In a decentralized economy with unprecedented media diversity, ostracism by the mainstream is unlikely to silence dissenters or strip them of their livelihood. ("Duck Dynasty" has already received offers for a show if its relationship with A&E is terminated.) Increased fragmentation and polarization in the marketplace of ideas is a far likelier consequence—and not a good one.
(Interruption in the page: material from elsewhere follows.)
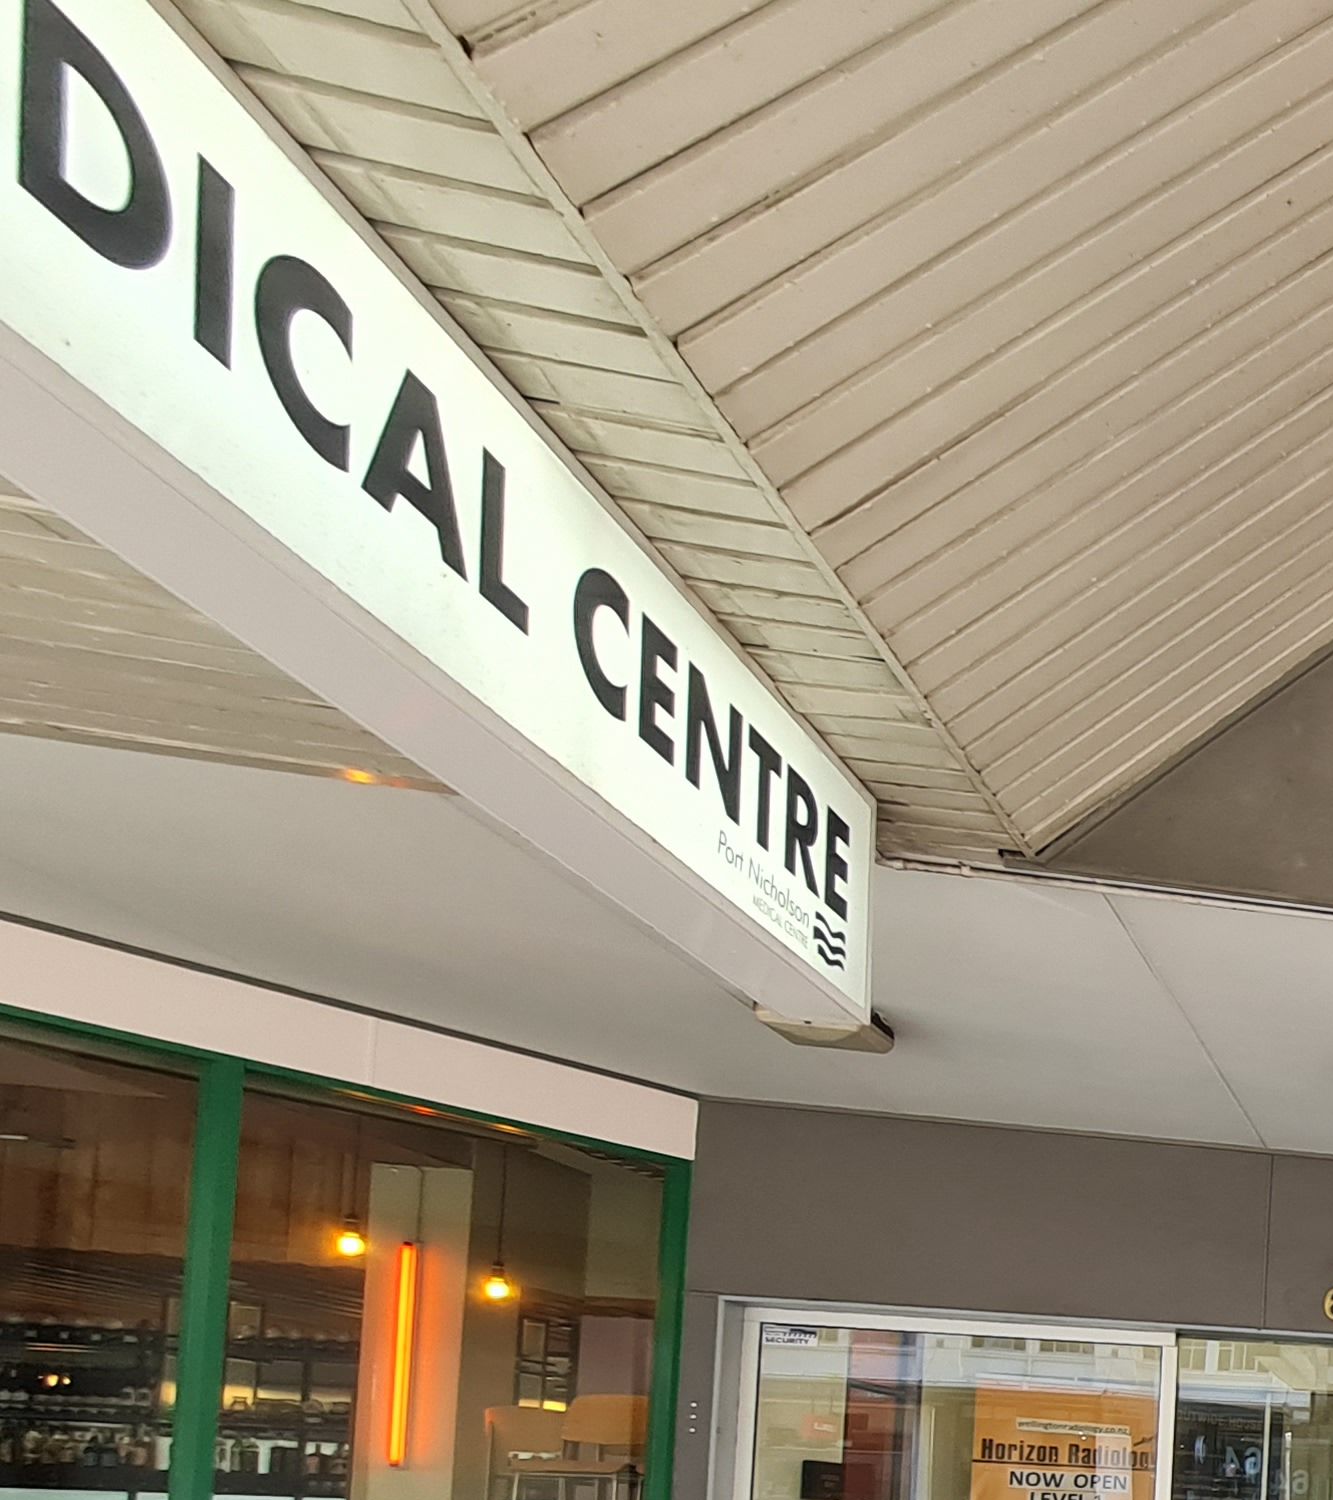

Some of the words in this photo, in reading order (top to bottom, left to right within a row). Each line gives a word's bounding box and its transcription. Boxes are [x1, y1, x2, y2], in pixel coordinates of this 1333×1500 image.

In that sense, Doherty is right to say that the power of exclusion should be used very sparingly.

What does this mean for A&E and "Duck Dynasty"? Frankly, I don't think Phil Robertson—whose interview also featured cartoonish reminiscences about "godly" blacks singing happy songs in the Jim Crow-era South—is someone conservatives should "stand with." But, like other commentators left and right, I agree that A&E's response was ludicrously excessive, particularly since Robertson's remarks fit perfectly with his reality TV image on which the network has capitalized. The smartest thing A&E could do is wait out the controversy and then bring Robertson back once the show resumes filming; of course, that may have been the plan all along.

By then, the rest of us will have moved on to new paroxysms of outrage at offensive speech. Maybe next time, a reality-show gay dad can offend by mocking evangelical Christians as deluded idiots. Then, conservatives can call for his head and denounce anti-Christian bigotry, and liberals can stand up for his right to free speech.